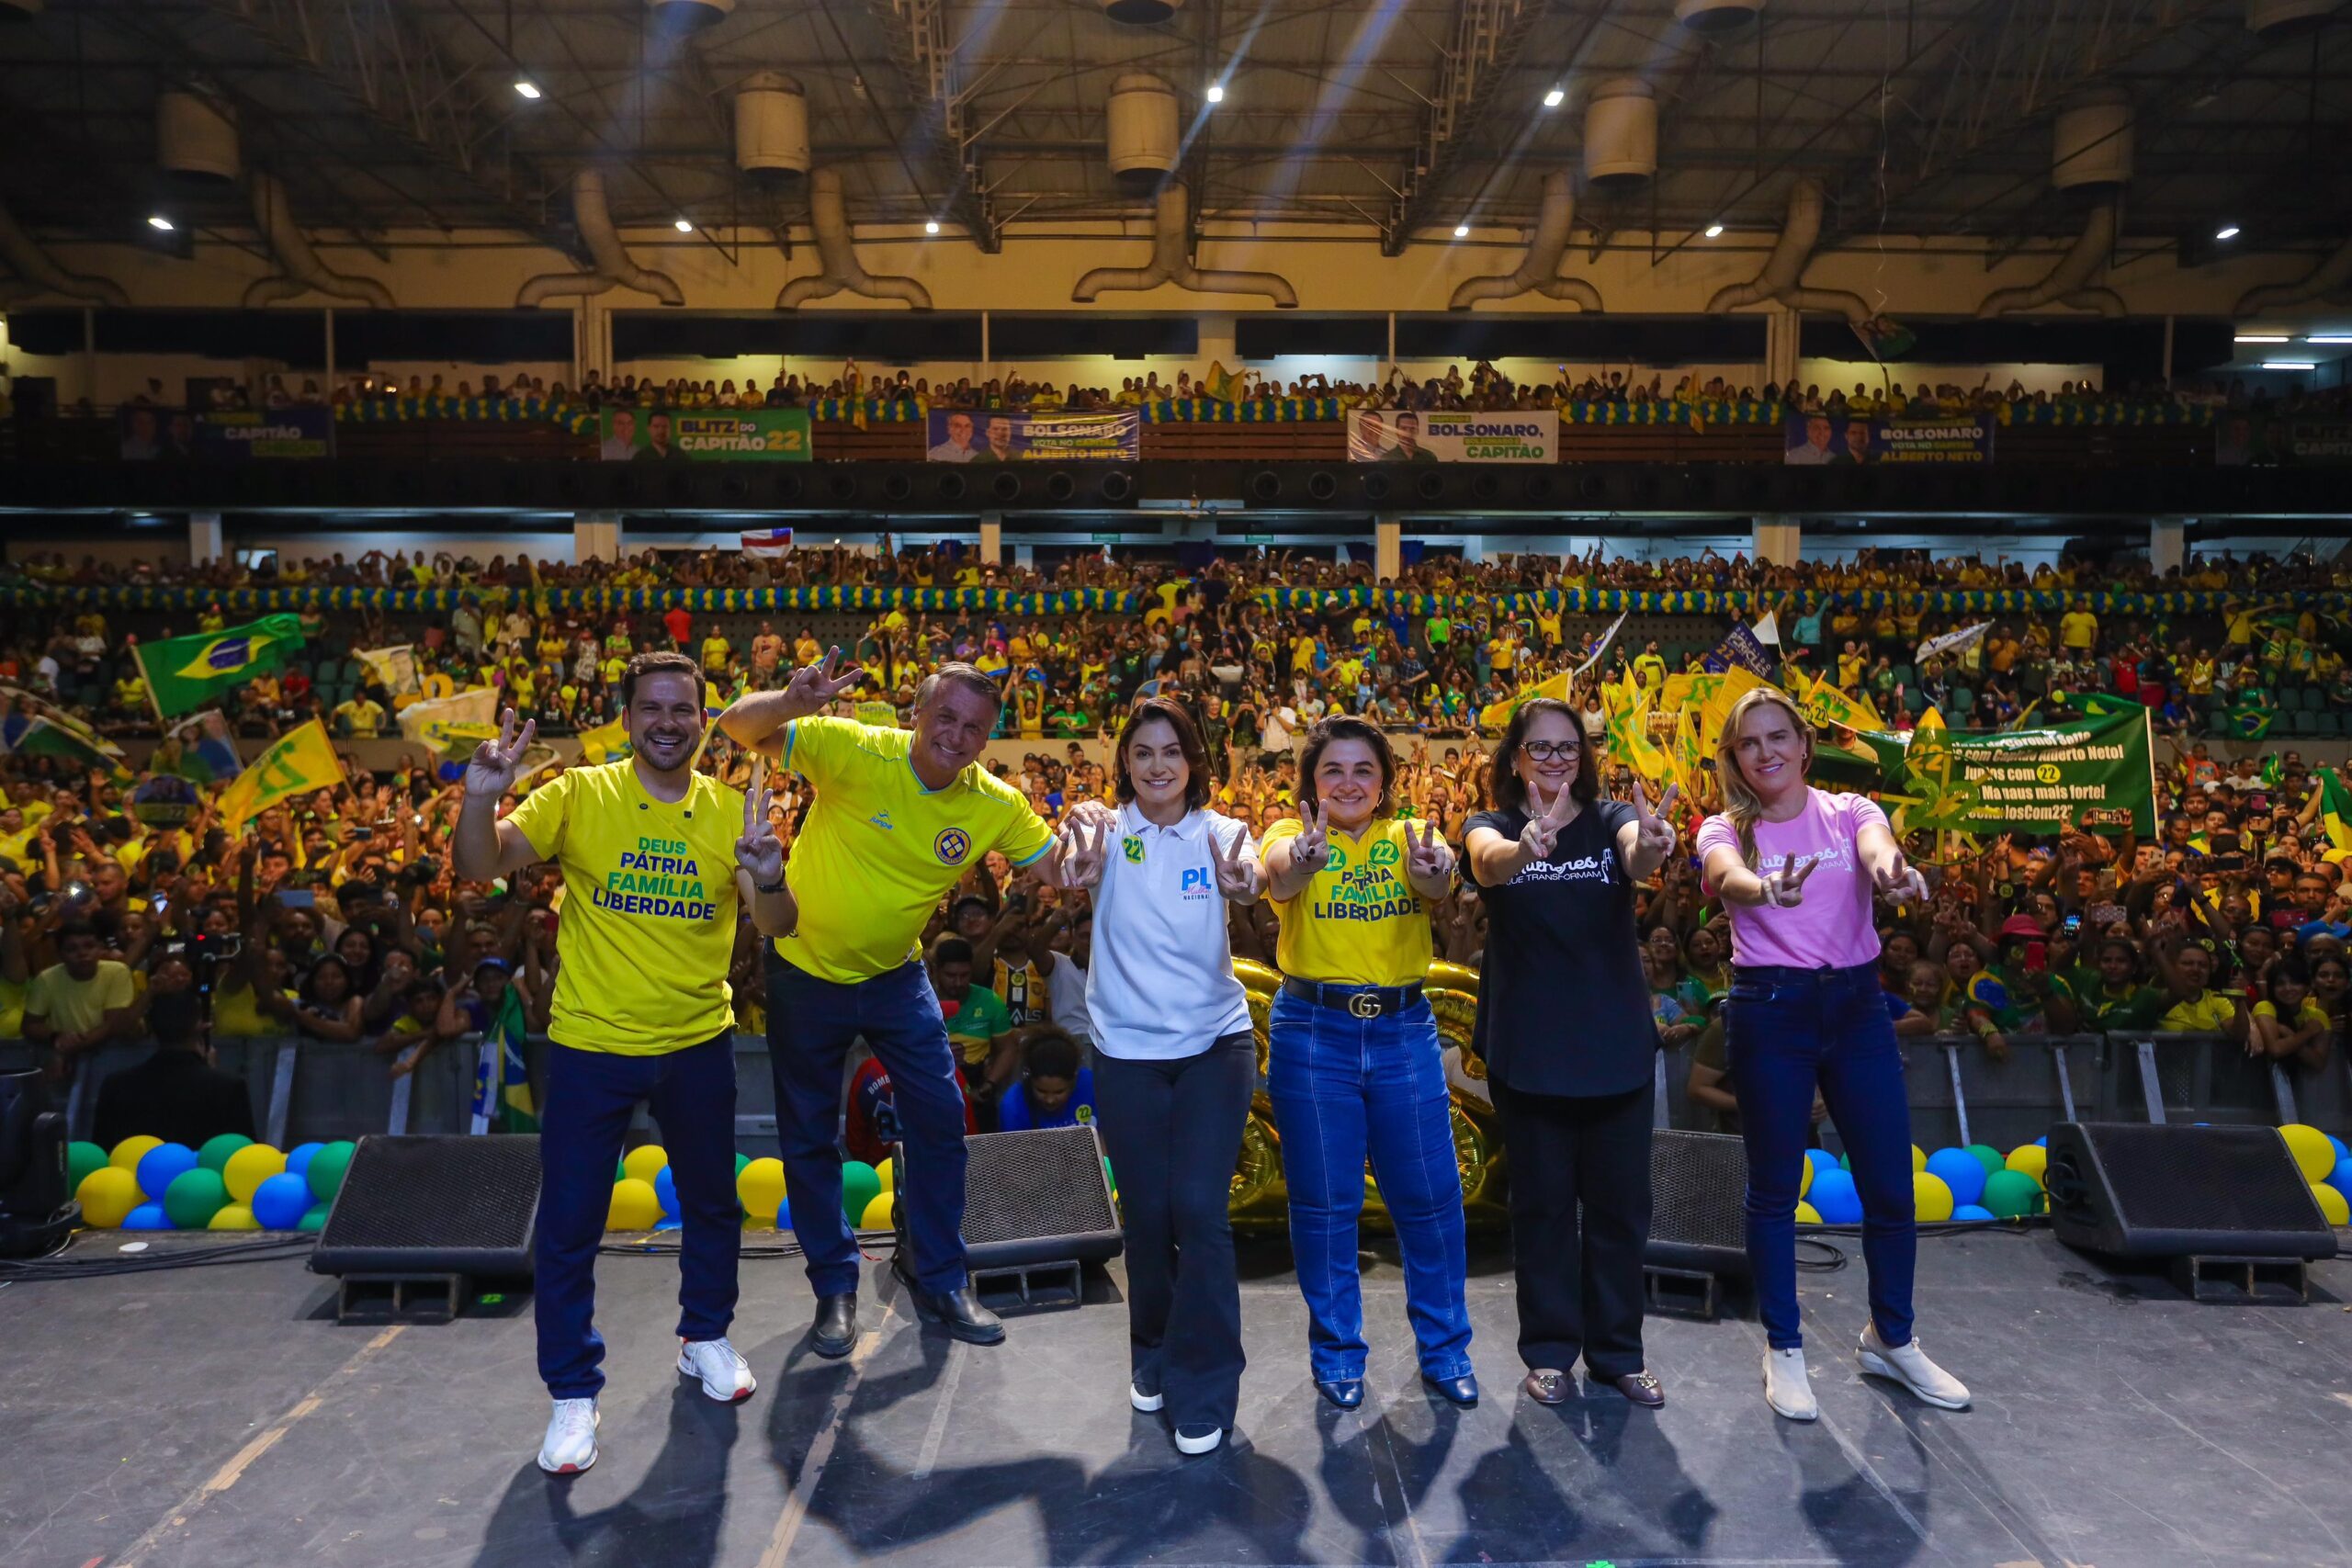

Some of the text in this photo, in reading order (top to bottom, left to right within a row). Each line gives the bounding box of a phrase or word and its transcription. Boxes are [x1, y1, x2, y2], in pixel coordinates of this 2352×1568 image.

[224, 425, 302, 440] CAPITÃO
[681, 420, 756, 433] BLITZ DO
[1023, 424, 1127, 437] BOLSONARO
[1428, 424, 1544, 438] BOLSONARO,
[1881, 426, 1984, 441] BOLSONARO
[680, 430, 801, 451] CAPITÃO 22
[1032, 439, 1057, 447] VOTA
[1059, 439, 1073, 447] NO
[1891, 441, 1916, 449] VOTA
[1917, 441, 1932, 449] NO
[1023, 449, 1129, 460] ALBERTO NETO
[1466, 444, 1544, 458] CAPITÃO
[1882, 450, 1984, 462] ALBERTO NETO
[1715, 643, 1736, 660] 22
[1912, 742, 1944, 772] 22
[2087, 744, 2124, 761] Neto!
[2007, 767, 2036, 781] com
[2040, 767, 2057, 780] 22
[2034, 785, 2068, 800] mais
[2069, 784, 2107, 800] forte!
[638, 836, 687, 856] DEUS
[1124, 838, 1143, 862] 22
[1374, 842, 1395, 863] 22
[620, 851, 699, 876] PÁTRIA
[1521, 856, 1599, 874] ulheres
[1182, 867, 1212, 891] PL
[1526, 870, 1602, 882] TRANSFORMAM
[607, 872, 705, 900] FAMÍLIA
[1330, 882, 1408, 905] FAMÍLIA
[593, 887, 717, 921] LIBERDADE
[1315, 897, 1422, 922] LIBERDADE
# # # # # # #
Pictures stay out, but everything else in the records must be output exactly.

Some of the text in this photo, in reading order (top to bottom, left to right within a row). Each line gives the bounding box of a phrase or word and its transcription. Boxes are [x1, y1, x2, y2], in pixel coordinates of this 2352×1568 image.

[224, 425, 302, 440] CAPITÃO
[681, 420, 756, 433] BLITZ DO
[1023, 424, 1127, 437] BOLSONARO
[1428, 424, 1544, 438] BOLSONARO,
[1881, 426, 1984, 441] BOLSONARO
[680, 430, 801, 451] CAPITÃO 22
[1032, 439, 1057, 447] VOTA
[1059, 439, 1073, 447] NO
[1891, 441, 1916, 449] VOTA
[1917, 441, 1932, 449] NO
[1023, 449, 1129, 460] ALBERTO NETO
[1466, 444, 1544, 458] CAPITÃO
[1882, 450, 1984, 462] ALBERTO NETO
[1715, 643, 1736, 660] 22
[1912, 742, 1944, 772] 22
[2087, 744, 2124, 761] Neto!
[2007, 767, 2036, 781] com
[2040, 767, 2057, 780] 22
[2034, 785, 2068, 800] mais
[2069, 784, 2107, 800] forte!
[638, 836, 687, 856] DEUS
[1124, 838, 1143, 862] 22
[1374, 842, 1395, 863] 22
[620, 851, 699, 876] PÁTRIA
[1521, 856, 1599, 874] ulheres
[1182, 867, 1212, 891] PL
[1526, 870, 1602, 882] TRANSFORMAM
[607, 872, 705, 900] FAMÍLIA
[1330, 882, 1408, 905] FAMÍLIA
[593, 887, 717, 921] LIBERDADE
[1315, 897, 1422, 922] LIBERDADE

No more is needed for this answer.